Weaver feels unbearably tired, as though she's been travelling for years. A tired little particle, sad and alone.

'Mum? Dad?'

She has to force herself to look at the display.

Cabin pressure: OK. Oxygen: OK.

Dive angle: ().

Zero?

The Deepflight is horizontal. Weaver stares. Suddenly she's wide awake again. The speedometer is showing zero too.

Depth: 3466 metres.

Darkness all around.

The boat's not sinking any more. It's reached the bottom of the Greenland Basin.

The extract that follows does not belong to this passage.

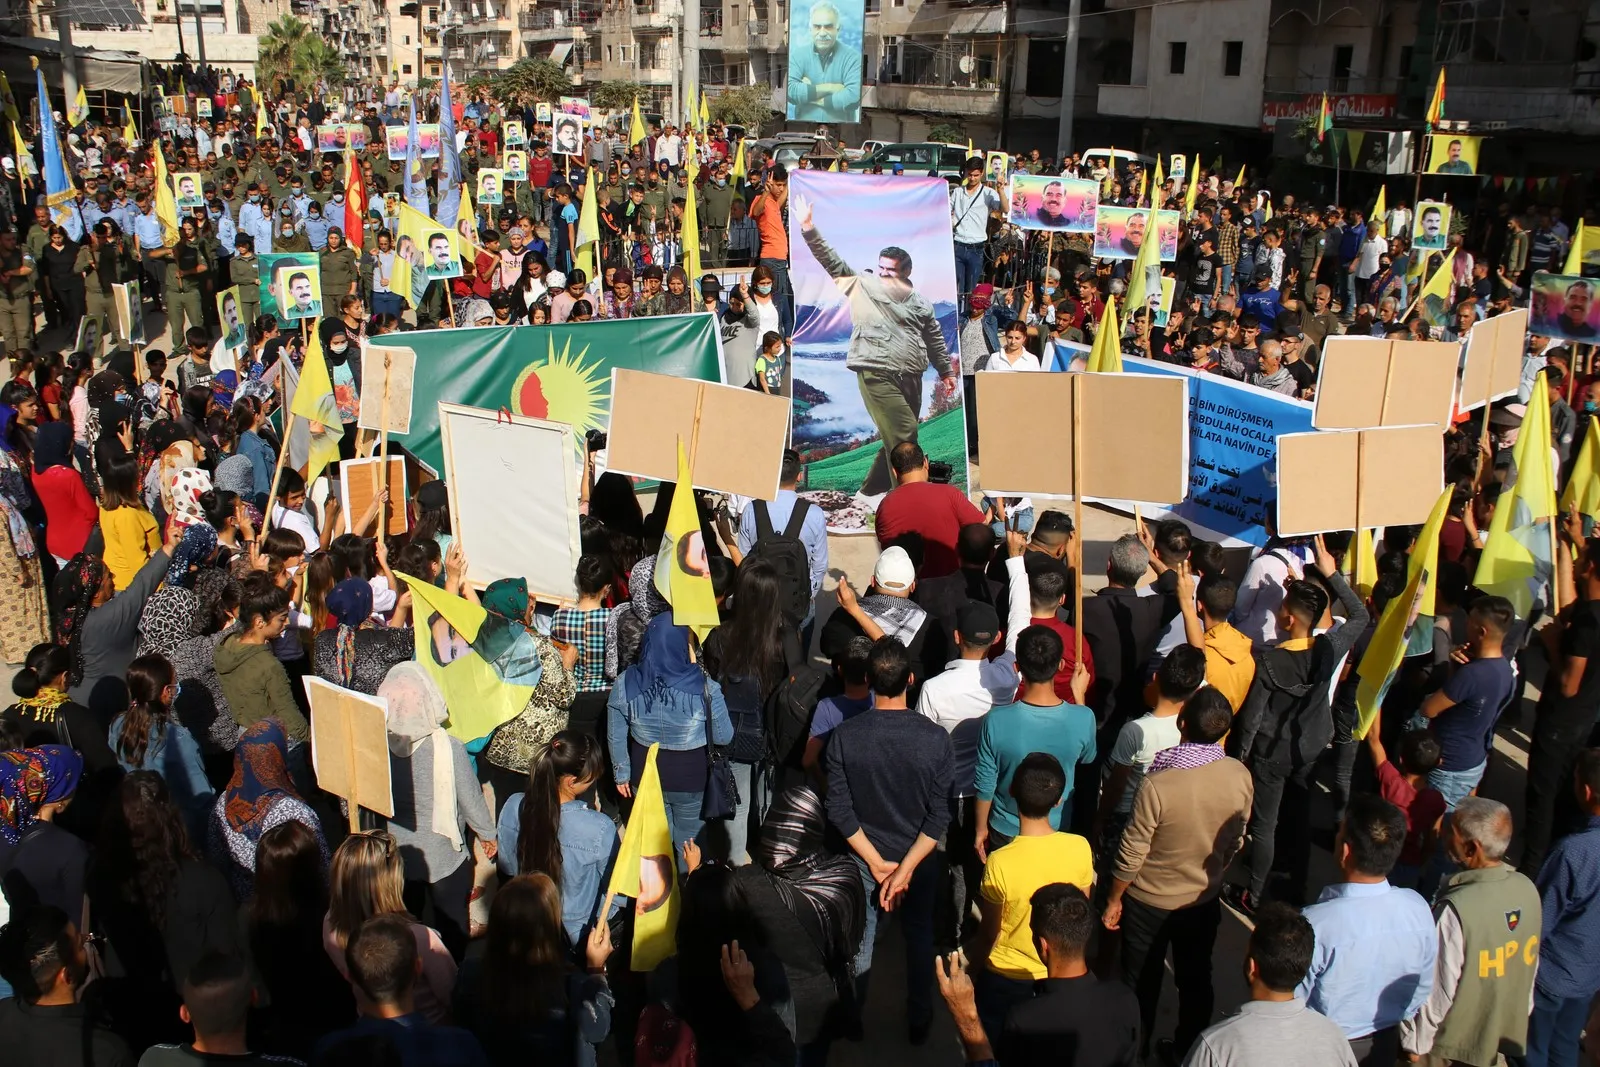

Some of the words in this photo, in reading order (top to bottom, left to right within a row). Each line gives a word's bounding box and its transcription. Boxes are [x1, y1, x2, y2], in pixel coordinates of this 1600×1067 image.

She hardly dares look at the clock for fear of what she might see – perhaps evidence that she's been there for hours already and is too low on oxygen to fly back. But the figures glow calmly on the digital display, announcing that her dive began only thirty-five minutes earlier. So she can't have blacked out. She just can't remember landing, although she seems to have followed procedure. The propellers have stopped, the systems are working. She could fly home now…

And then it starts.

COLLECTIVE

At first Weaver thinks she is hallucinating. She sees a faint blue glow in the distance. The apparition rises, swirling up like a scattering of dark-blue dust blown from an enormous palm, then fading into nothing.

The glow reappears, this time closer and more spread out. It doesn't vanish, but arches upwards, passing over the boat, obliging Weaver to crane her neck. What she sees reminds her of a cosmic cloud. It's impossible to say how far away or big it is, but it gives her the feeling of having reached the edge of a distant galaxy, not the bottom of the sea.

The blue light starts to blur. For a moment she thinks it's getting fainter, then she realises that it's an illusion: the glow isn't fading, it's becoming part of a far larger cloud that's sinking gently towards her boat.

Suddenly it dawns on her that she can't stay on the seabed if she wants to get rid of Rubin.

She angles the wings and starts the propeller. The Deepflight scrapes over the seabed, stirring up sediment, then lifts off. Lightning flashes in the vast night sky, and Weaver sees that the yrr are aggregating.

The collective is enormous.

From all sides the blue and white light is closing in. The Deepflight is caught in the middle of an aggregating cloud. Weaver knows that the jelly can contract into strong elastic tissue. She tries not to think what will happen if the muscle of amoebas closes round her boat. For a split second she pictures an egg being crushed by a fist.

She's ten metres above the seabed.

That should be enough.

It's time.

A push of a button on which everything depends. It would only take a moment of inattentiveness, a clumsy finger quivering with nerves or fear, and the wrong pod would open. She'd be dead within an instant. 3500 metres below the surface, the pressure is equivalent to 385 atmospheres. Her body might retain its shape, but she wouldn't be alive to see it.

She hits the right button.

The domed lid of the co-pilot's pod rises upright. Air shoots out explosively, lifting Rubin's body and dragging him partway out of the pod. With the lid open, the submersible is almost impossible to steer, but Weaver speeds forward, then plunges abruptly, ejecting Rubin from the boat. His dark silhouette hovers in front of the approaching storm of flashing light. The hostile environment squashes his organs and his flesh, crushing his skull, snapping his bones, and squeezing the fluid from his body.